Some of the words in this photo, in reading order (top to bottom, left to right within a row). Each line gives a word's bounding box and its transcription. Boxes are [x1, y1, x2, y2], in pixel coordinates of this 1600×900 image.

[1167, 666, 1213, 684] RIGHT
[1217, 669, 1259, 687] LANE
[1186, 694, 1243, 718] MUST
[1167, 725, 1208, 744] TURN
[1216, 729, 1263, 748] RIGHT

What to work on: Retype the records that precede this task, keeping them exactly the same.

Solution for this problem:
Some of the words in this photo, in reading order (top to bottom, left to right within a row). Each line gives a word's bounding box and its transcription. Boxes are [x1, y1, x2, y2], in pixel coordinates of this 1600×900 image.

[1167, 666, 1213, 684] RIGHT
[1217, 669, 1259, 687] LANE
[1186, 694, 1243, 718] MUST
[1167, 725, 1208, 744] TURN
[1216, 729, 1263, 748] RIGHT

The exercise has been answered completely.